Stored items from a collection:
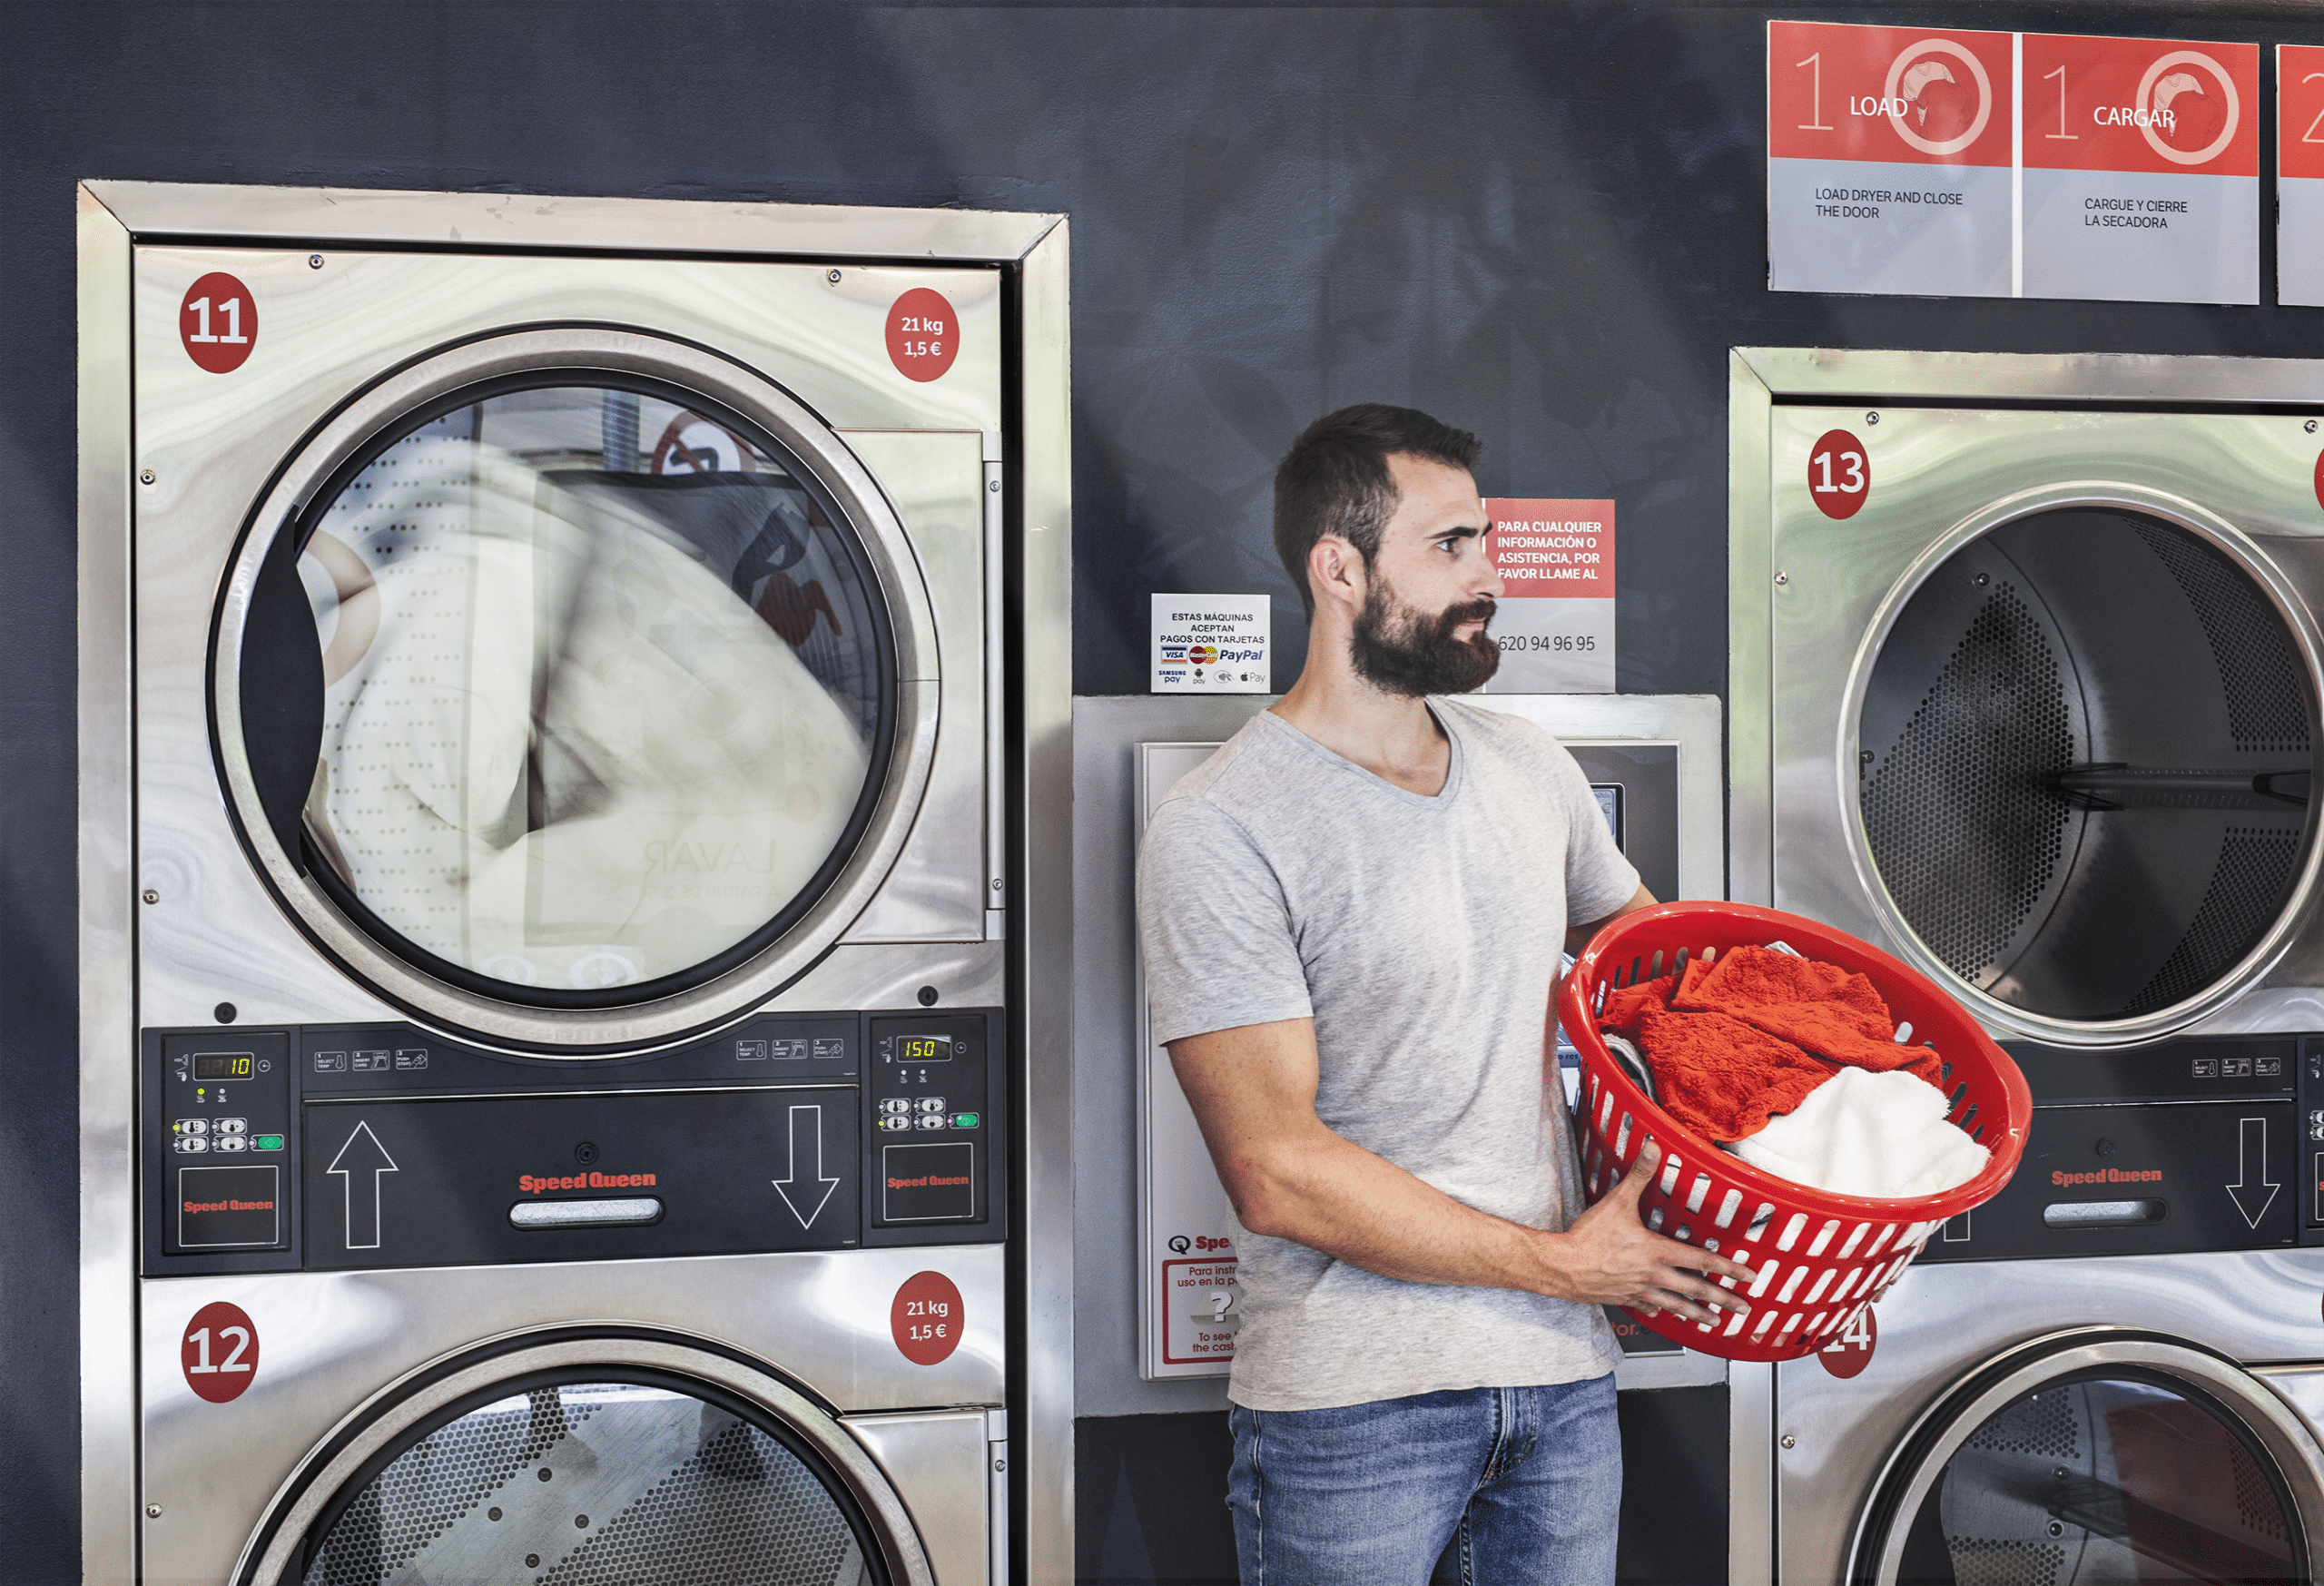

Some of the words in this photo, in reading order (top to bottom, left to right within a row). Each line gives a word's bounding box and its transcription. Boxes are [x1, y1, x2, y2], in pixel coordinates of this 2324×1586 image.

[1796, 52, 1834, 131] 1
[1850, 95, 1908, 117] LOAD
[2043, 64, 2079, 140] 1
[2302, 73, 2324, 143] 2
[2093, 106, 2175, 128] CARGAR
[1815, 188, 1849, 200] LOAD
[1852, 189, 1892, 202] DRYER
[1894, 192, 1921, 203] AND
[1923, 192, 1964, 205] CLOSE
[1815, 204, 1840, 217] THE
[1843, 206, 1880, 219] DOOR
[2084, 198, 2134, 211] CARGUE
[2136, 200, 2144, 211] Y
[2146, 200, 2188, 212] CIERRE
[2084, 214, 2100, 226] LA
[2102, 215, 2168, 229] SECADORA
[189, 297, 248, 344] 11
[901, 317, 921, 331] 21
[923, 317, 943, 336] kg
[904, 341, 927, 358] 1,5
[930, 341, 941, 356] €
[1814, 451, 1865, 493] 13
[1498, 521, 1530, 532] PARA
[1532, 521, 1602, 533] CUALQUIER
[1498, 535, 1584, 548] INFORMACIÓN
[1587, 537, 1597, 548] O
[1497, 552, 1572, 566] ASISTENCIA,
[1574, 552, 1600, 564] POR
[1498, 568, 1537, 579] FAVOR
[1540, 568, 1581, 579] LLAME
[1582, 568, 1599, 579] AL
[1171, 613, 1202, 621] ESTAS
[1204, 612, 1254, 622] MÁQUINAS
[1190, 624, 1235, 632] ACEPTAN
[1160, 635, 1193, 644] PAGOS
[1195, 635, 1216, 644] CON
[1217, 635, 1265, 644] TARJETAS
[1498, 635, 1527, 651] 620
[1531, 635, 1550, 651] 94
[1553, 635, 1572, 651] 96
[1576, 635, 1595, 651] 95
[1219, 649, 1263, 664] PayPal
[1249, 672, 1266, 685] Pay
[905, 1040, 935, 1057] 150
[231, 1058, 250, 1075] 10
[518, 1172, 587, 1194] Speed
[588, 1171, 656, 1188] Queen
[887, 1176, 927, 1189] Speed
[929, 1175, 969, 1186] Queen
[2052, 1168, 2106, 1187] Speed
[2107, 1167, 2162, 1183] Queen
[183, 1200, 228, 1214] Speed
[229, 1199, 273, 1210] Queen
[1196, 1236, 1234, 1252] Spe
[1189, 1266, 1212, 1276] Para
[1177, 1279, 1196, 1287] uso
[1198, 1278, 1212, 1286] en
[1215, 1276, 1225, 1286] la
[906, 1301, 925, 1316] 21
[929, 1300, 948, 1317] kg
[910, 1325, 932, 1342] 1,5
[935, 1324, 947, 1338] €
[1198, 1332, 1210, 1342] To
[1213, 1333, 1232, 1341] see
[188, 1325, 251, 1374] 12
[1193, 1343, 1209, 1353] the

**Directions**
Reproduce each line of the records in which "LOAD" appears.

**Answer for this exercise**
[1850, 95, 1908, 117] LOAD
[1815, 188, 1849, 200] LOAD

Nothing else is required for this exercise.